This is one of my favourite pictures taken close to my house.

It captures the quintessence of my locus, especially the rutted lanes, the upright, stoic trees and the smell of all things agricultural.

"Tis propar Devonshire" — as we say in these parts.

Looking at it now, I still find it haunting and quite moving but more than that, it's a way to rustle up the memories of old and connect with my truest, deepest self. 

Or, to put it another way, I'm one with my surroundings — there's no separation, no division and I'm awash with the quixotic reverie that only nature offers.

And of course, I'm very lucky.

Let me say that again.

I'm extraordinarily lucky, and there's not a single day that goes by where I don't have to pinch myself of that fact.

There is, though, another part to my psyche which lives in a constant state of terror, namely, the fact that one day all this will be gone or certainly it will be so diminished that my kids and theirs will never experience that hot flush of love and connection I've been blessed to experience all these years — all 53 of them.

Perhaps I'm overstating the case — it wouldn't be the first time! -- but the shock and grief I feel in bearing witness to all those gut-wrenching images of loss, destruction and death from the four corners of the earth, only serves to remind me that even my sleepy little patch of South Devon isn't or won't be immune from the egregious, death-dealing thumbprint (or should I say size 11 Jackboot?) of climate change et al. 

Yes, like it or not, almost like some doomsday scenario, all this will be gone or the landscape will be eviscerated to the point where, well, I can't even begin to fathom it. 

And that's why, or at least I think it's why, I now feel compelled to speak more openly, more vividly, more angrily about the unfolding crises. 

Excuse the vernacular but, for the first time in a long while, I can feel my give-a-shit shackles rising and I want to bring my energy and zeal to bear on an issue that I feel passionate about.

Truth is, this isn't new.

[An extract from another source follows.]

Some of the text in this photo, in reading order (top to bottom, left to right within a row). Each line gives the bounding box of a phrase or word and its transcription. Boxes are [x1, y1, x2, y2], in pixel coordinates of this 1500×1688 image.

Few things bring me to tears but for as long as I can remember seeing nature harmed or diminished (or any living thing come to think of it) has always made me cry — keening occasionally — but now that feeling is intensified by living through Covid19 and knowing that, if only we'd stop harming the planet, things could be so different. 

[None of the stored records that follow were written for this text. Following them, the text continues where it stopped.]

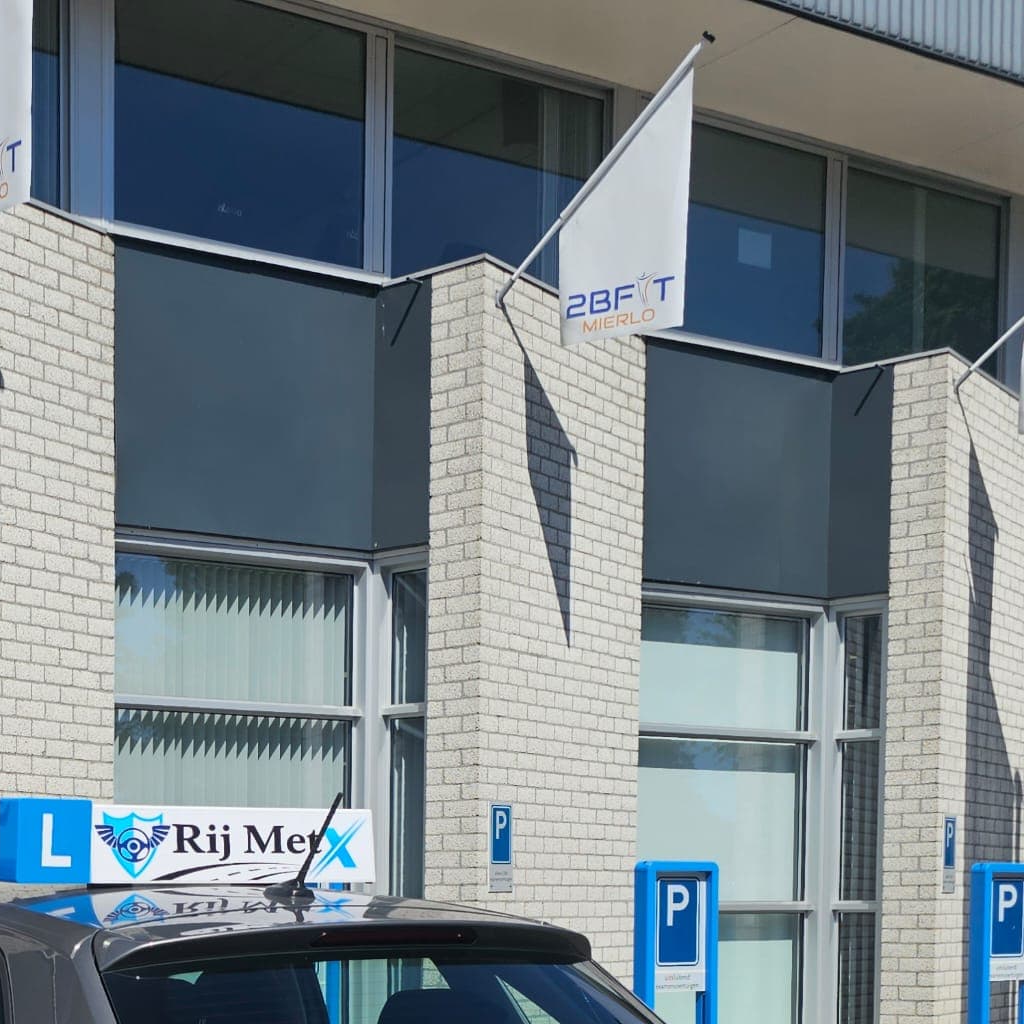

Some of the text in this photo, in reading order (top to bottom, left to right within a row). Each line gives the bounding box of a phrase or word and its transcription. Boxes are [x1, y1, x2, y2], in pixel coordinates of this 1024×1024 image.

[582, 308, 655, 333] MIERLO
[41, 812, 72, 868] L
[172, 823, 231, 861] Rij
[243, 824, 323, 855] Met
[495, 810, 507, 840] P
[946, 822, 954, 849] P
[666, 884, 690, 927] P
[998, 884, 1018, 923] P
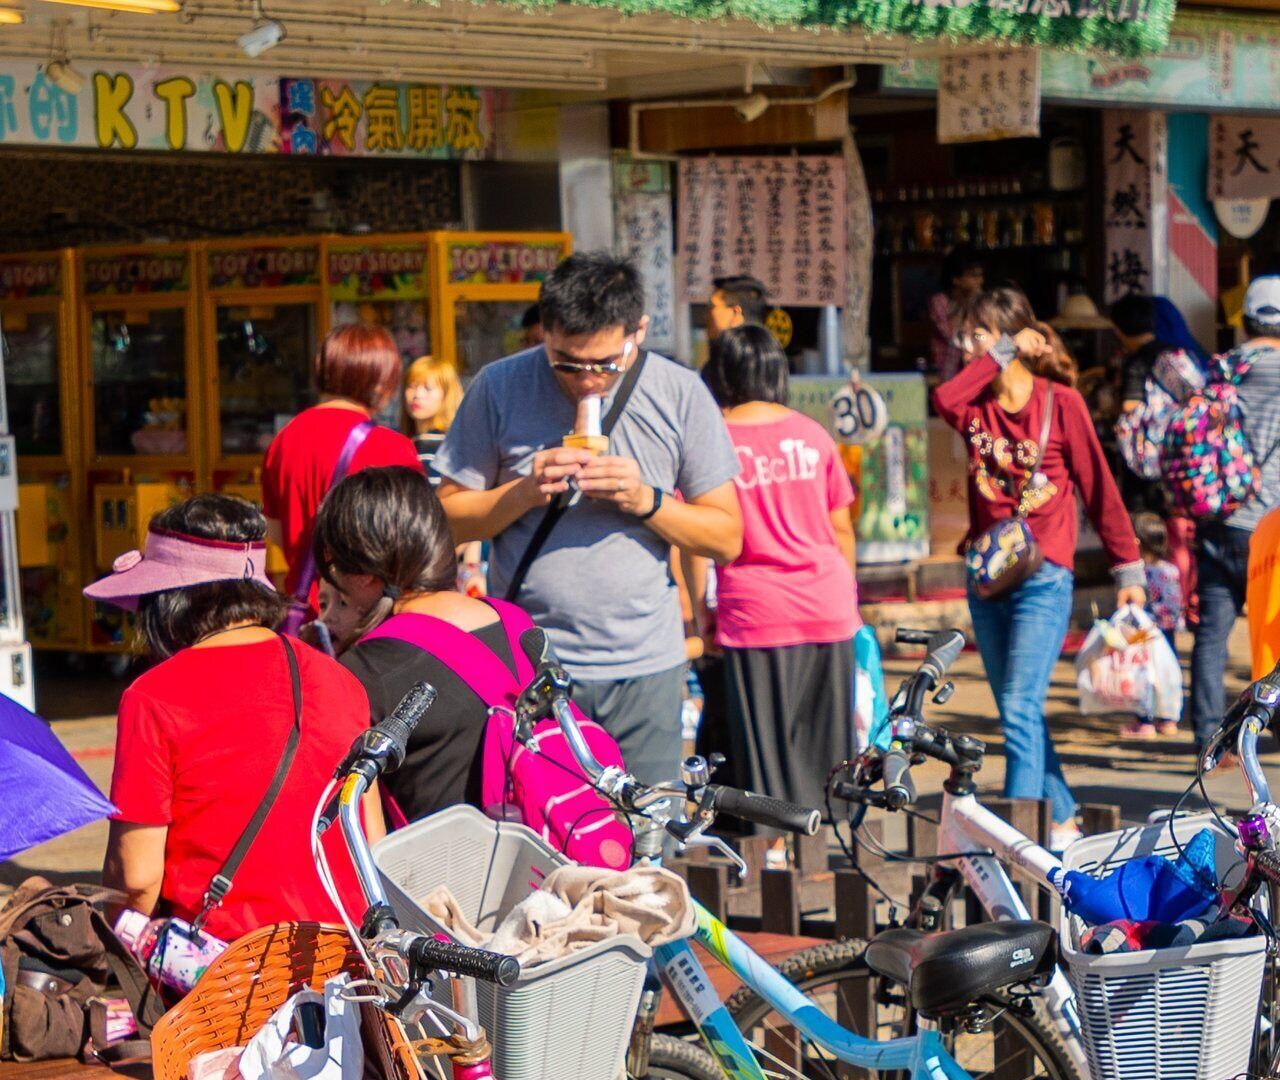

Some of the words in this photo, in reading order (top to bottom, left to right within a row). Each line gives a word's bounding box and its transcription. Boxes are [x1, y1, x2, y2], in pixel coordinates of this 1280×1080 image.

[92, 70, 256, 152] KTV
[320, 83, 486, 153] 冷氣開放
[833, 389, 877, 436] 30

Applying (of course) a bit of common sense and decency, I'm not going to indulge my sensibilities to the point where: a) I get struck off by my legal regulator, or b) dismissed by my (current) employer, but I do intend, to the very best of my ability, to push the angsty envelope as far as I can. 

To be clear, being pi**ed off is not the same thing as being wise and I do want to think through how I can use all my gifts and experience to make the biggest difference in the space. Direct action might be in the mix but I think it more likely I volunteer for a charity in pursuit of a legal challenge or campaign. (Right now, I'm exploring the work of Edward Abbey, he of Desert Solitaire fame, and I'm finding that deeply inspiring as well as a little melancholic. )

Why am I telling you any of this?

Well, I'd like to think that give or take the odd Karmic shove, you too might feel in your bones that the way we live or would like to isn't going to offer any future to our kids or certainly they're going to have to adapt and do without so much of what we've taken for granted; but then again, you might think this all too much. And I get it. I really do. You might think how can little ol' me make a happeth of difference? You probably can't but I still believe that if only we changed the dialogue and/or narrative (i.e. the cultural imperative) we might do more than a little more navel-gazing (that last comment is aimed squarely at me dear readers). Certainly from my experience, the narrative qua business and in our personal lives is still too preoccupied with the neoliberal project and that has to change if we're going to stop this once pristine world falling off a cliff.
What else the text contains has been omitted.